◆ **What you will do**
Would you repeat the listing below exactly, with no pictures in it?

◆ **Records supplied**
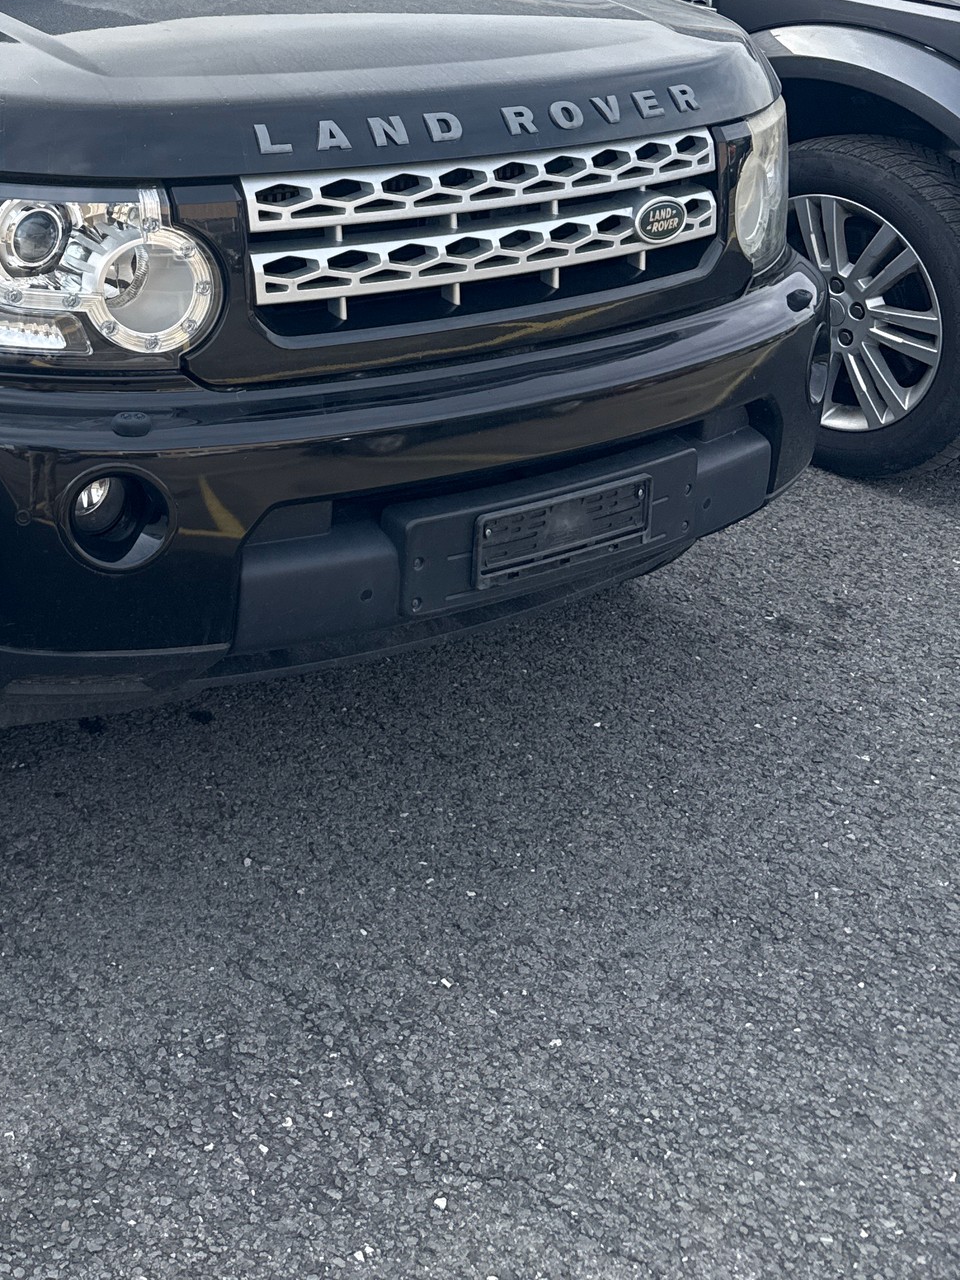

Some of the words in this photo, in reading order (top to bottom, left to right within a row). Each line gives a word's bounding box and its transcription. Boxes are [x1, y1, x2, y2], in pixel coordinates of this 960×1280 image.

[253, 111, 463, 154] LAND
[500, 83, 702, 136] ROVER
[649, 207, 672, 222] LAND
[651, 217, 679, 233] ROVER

◆ **Result**
Some of the words in this photo, in reading order (top to bottom, left to right within a row). Each line gives a word's bounding box and its transcription. Boxes are [x1, y1, x2, y2], in pixel coordinates of this 960×1280 image.

[253, 111, 463, 154] LAND
[500, 83, 702, 136] ROVER
[649, 207, 672, 222] LAND
[651, 217, 679, 233] ROVER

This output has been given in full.